Referring expression grounding data:
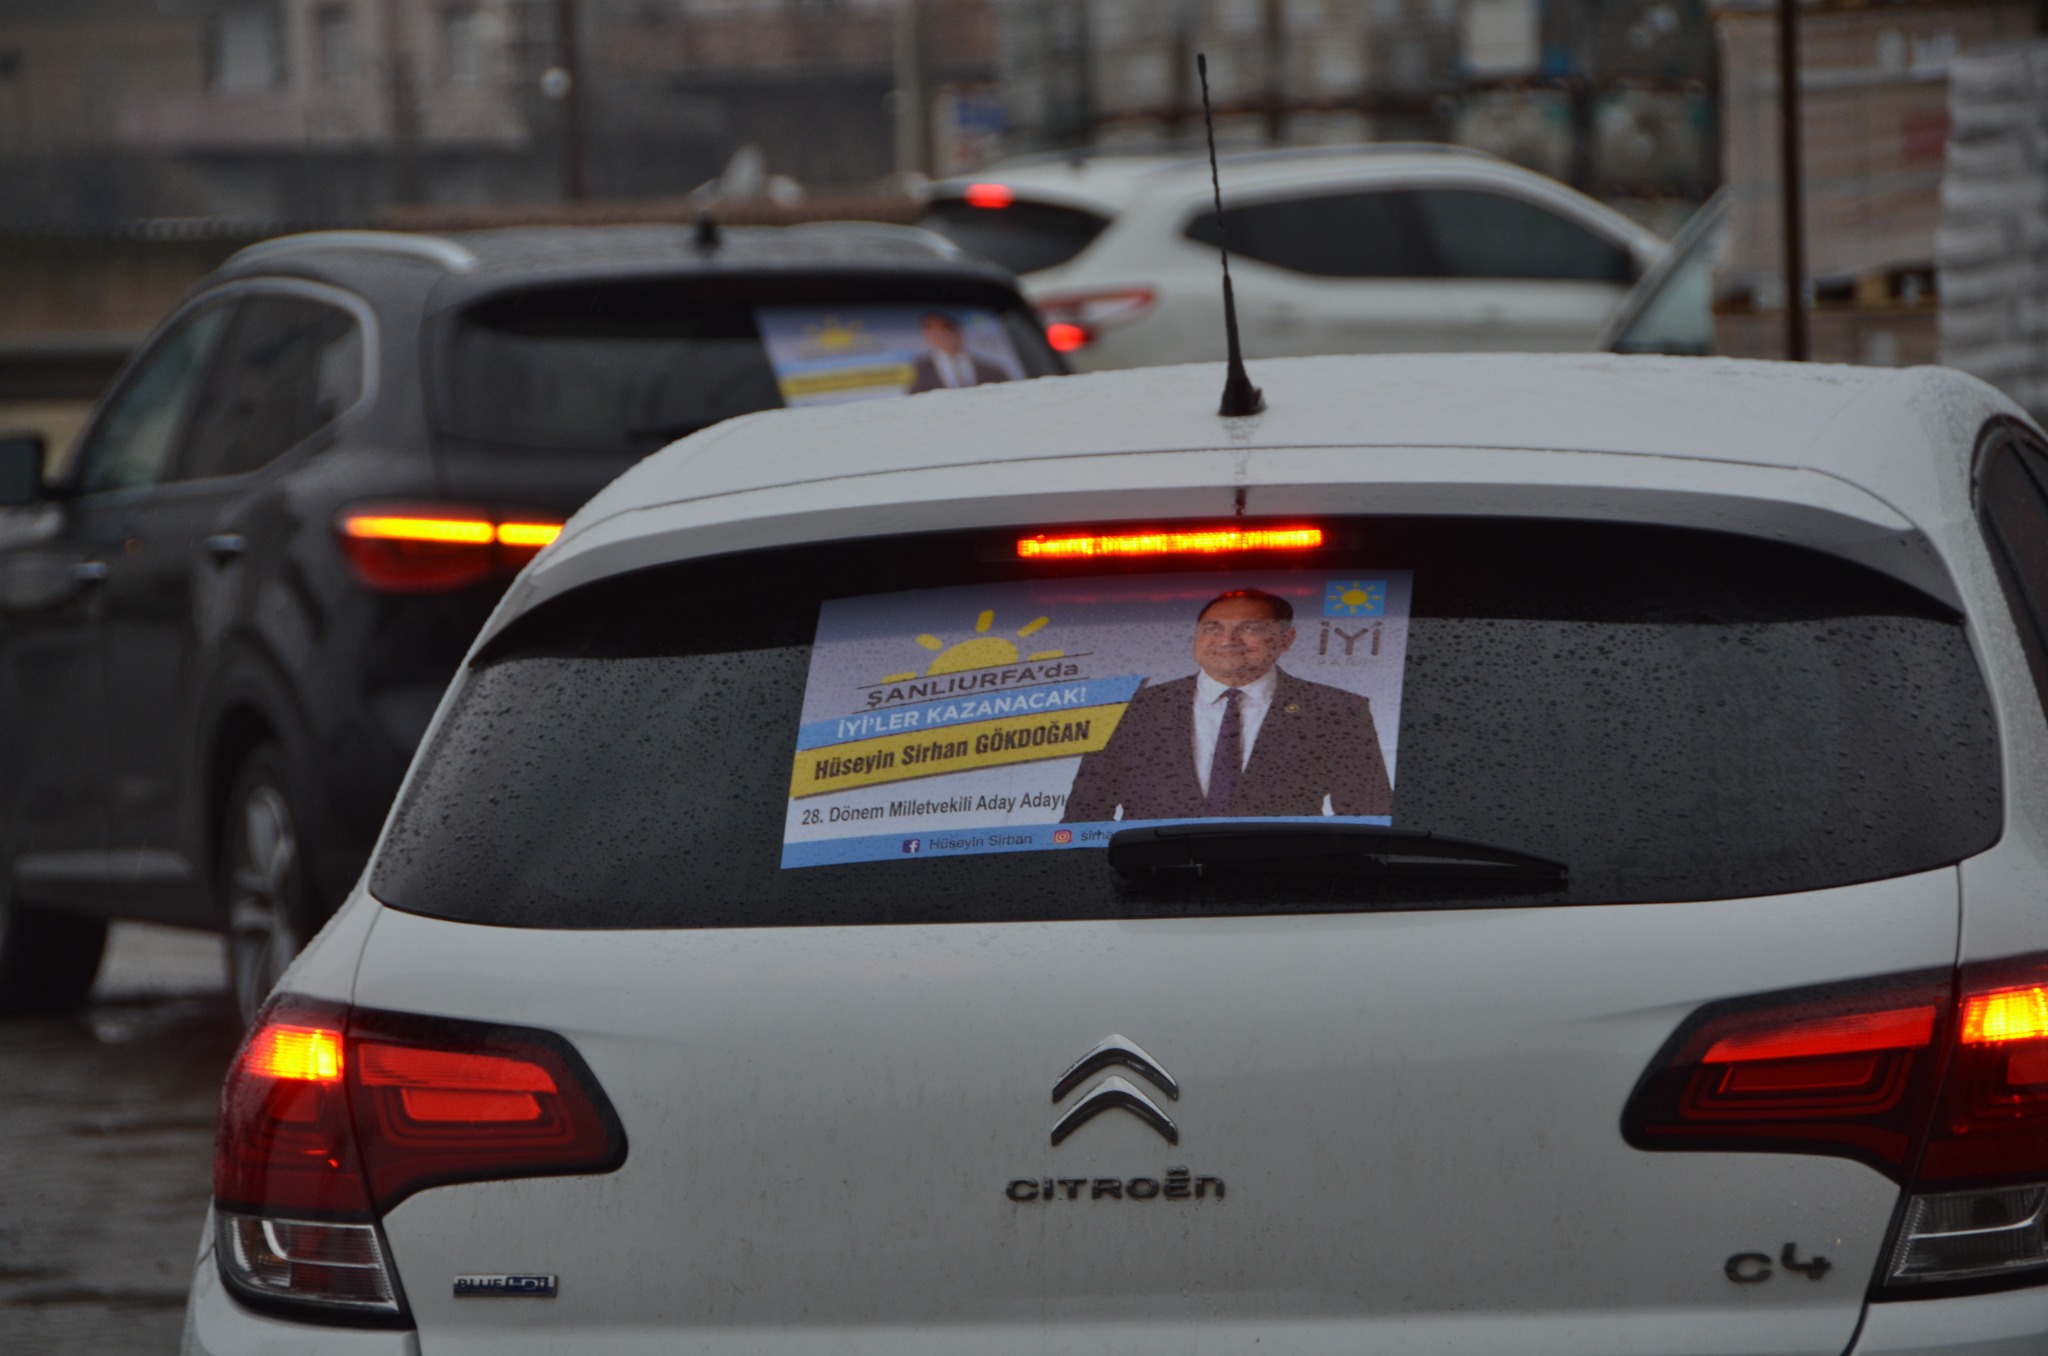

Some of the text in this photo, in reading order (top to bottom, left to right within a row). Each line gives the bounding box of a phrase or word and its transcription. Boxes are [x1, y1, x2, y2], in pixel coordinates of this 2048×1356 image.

[866, 662, 1080, 708] ŞANLIURFA'da
[837, 686, 1088, 738] İYİ'LER KAZANACAK!
[814, 719, 1092, 781] Hüseyin Sirhan GÖKDOĞAN
[801, 791, 1066, 826] 28. Dönem Milletvekili Aday Adayı
[928, 833, 1033, 852] Hüseyin Sirhan
[1723, 1241, 1833, 1285] C4
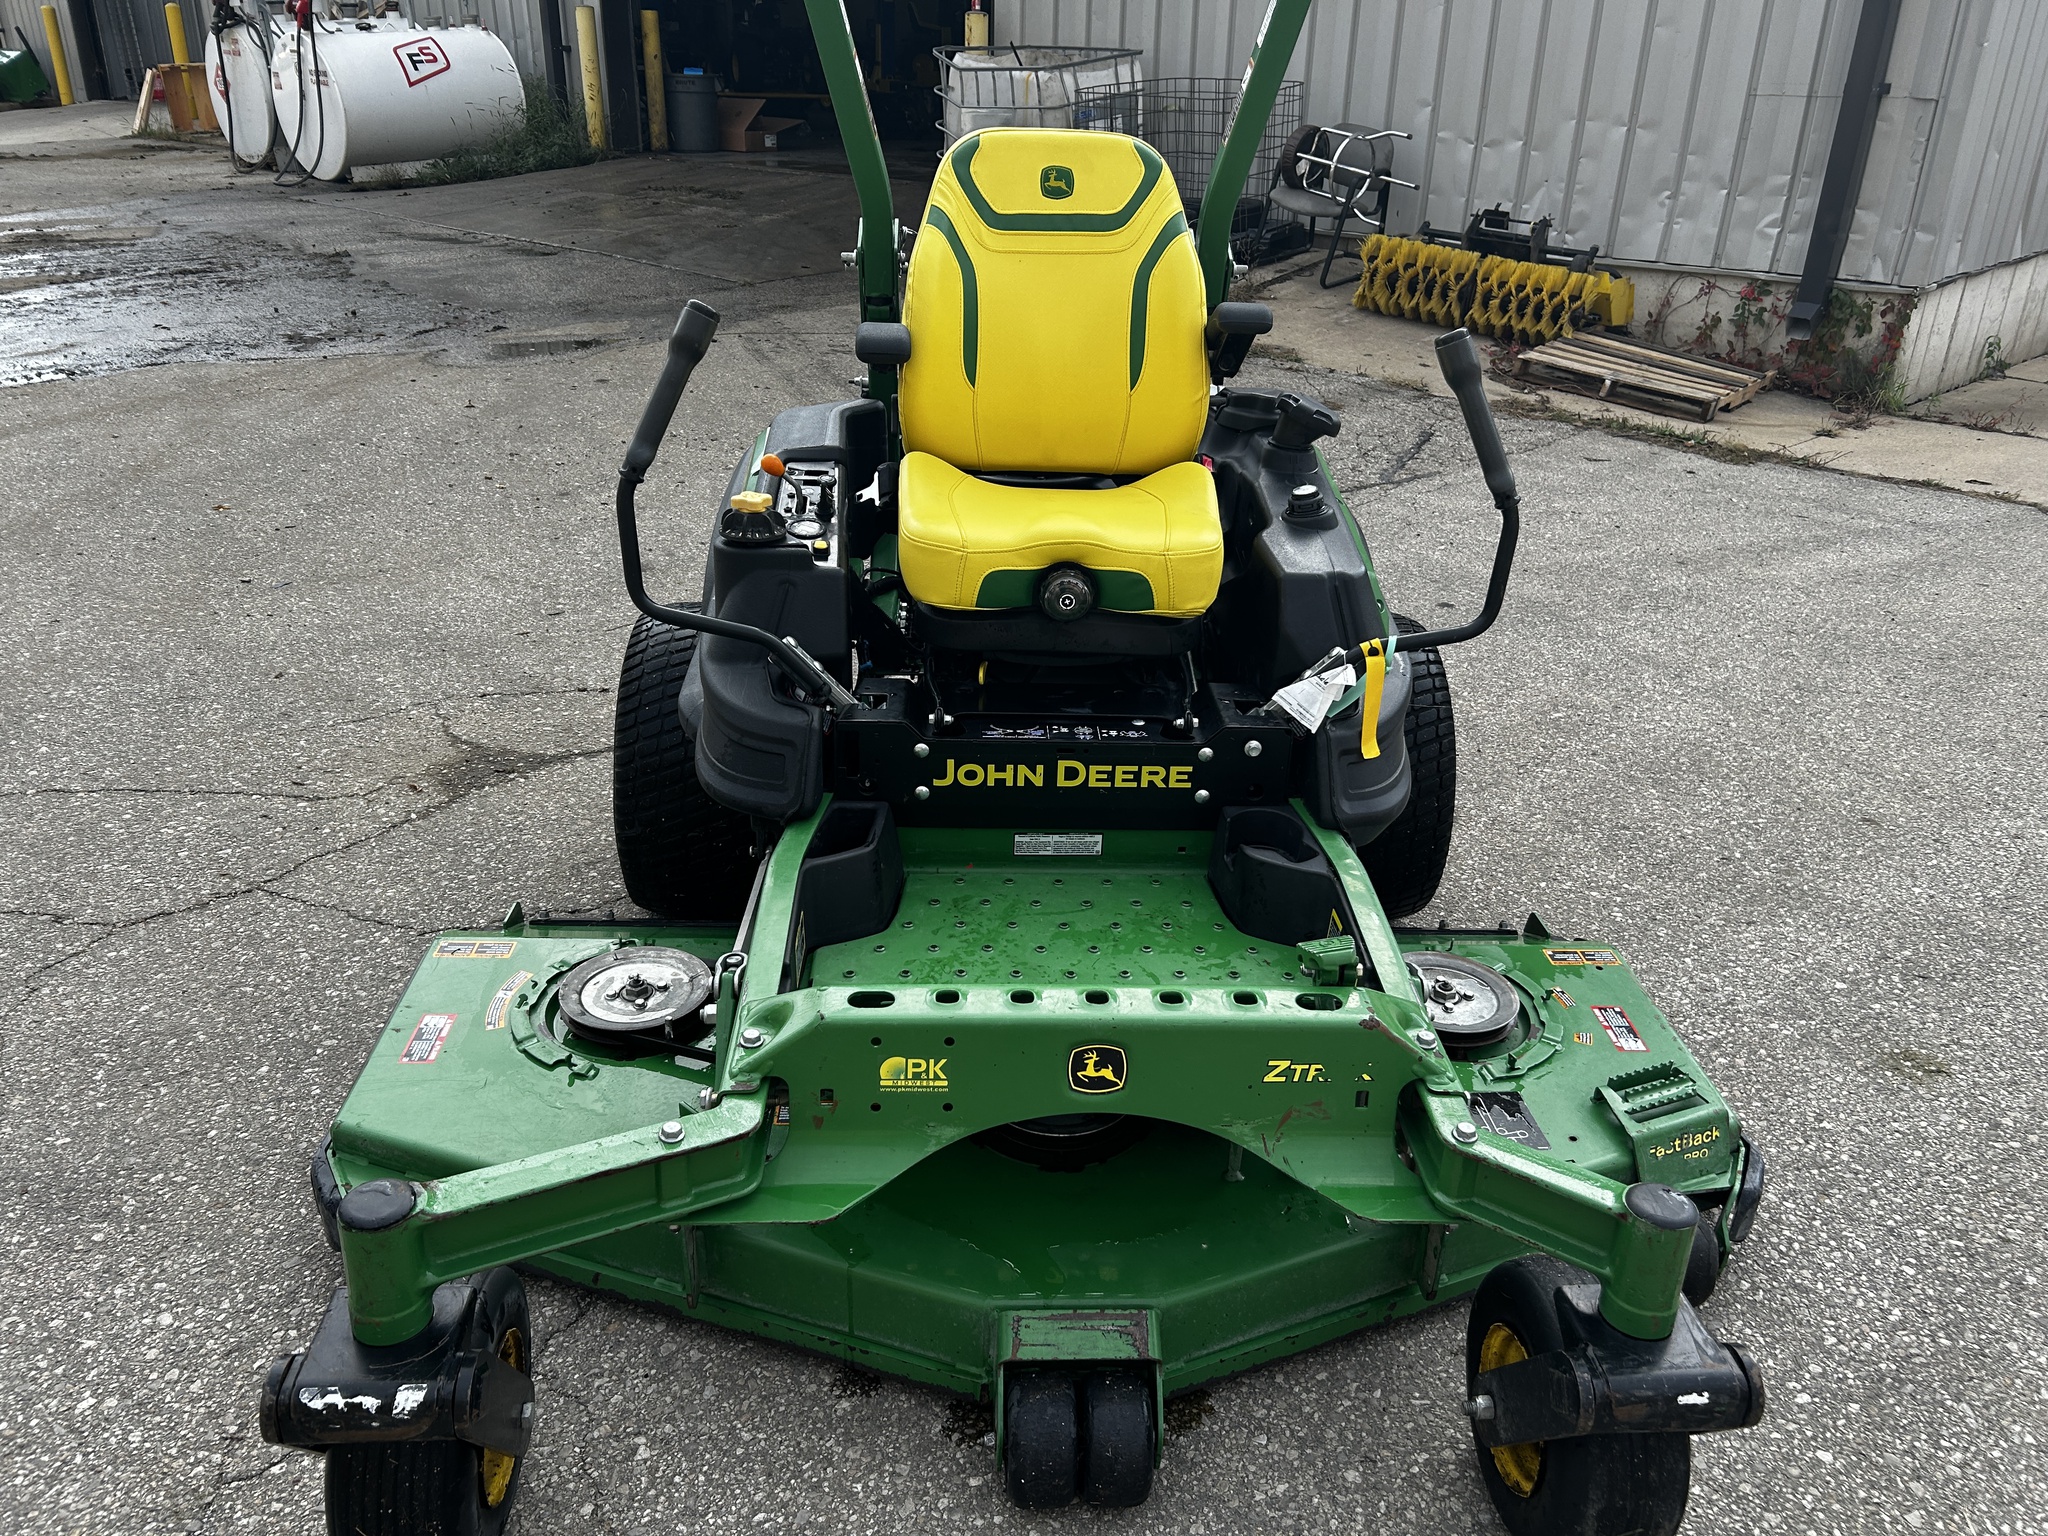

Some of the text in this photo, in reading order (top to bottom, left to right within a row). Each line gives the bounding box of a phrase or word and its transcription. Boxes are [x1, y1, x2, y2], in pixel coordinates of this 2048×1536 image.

WHAT TO DO » Every record gets retyped exactly; no picture goes into the copy.

ANSWER TO THIS EXERCISE »
Some of the text in this photo, in reading order (top to bottom, left to right within a row). Each line gives the bounding box of a phrase or word and its transcription. Boxes are [x1, y1, x2, y2], in pixel coordinates of this 2048×1356 image.

[866, 662, 1080, 708] ŞANLIURFA'da
[837, 686, 1088, 738] İYİ'LER KAZANACAK!
[814, 719, 1092, 781] Hüseyin Sirhan GÖKDOĞAN
[801, 791, 1066, 826] 28. Dönem Milletvekili Aday Adayı
[928, 833, 1033, 852] Hüseyin Sirhan
[1723, 1241, 1833, 1285] C4

Some of the text in this photo, in reading order (top to bottom, left to right within a row). Each line gives the bounding box of a phrase or word and its transcription. Boxes are [x1, y1, x2, y2], in pixel coordinates of this 2048×1536 image.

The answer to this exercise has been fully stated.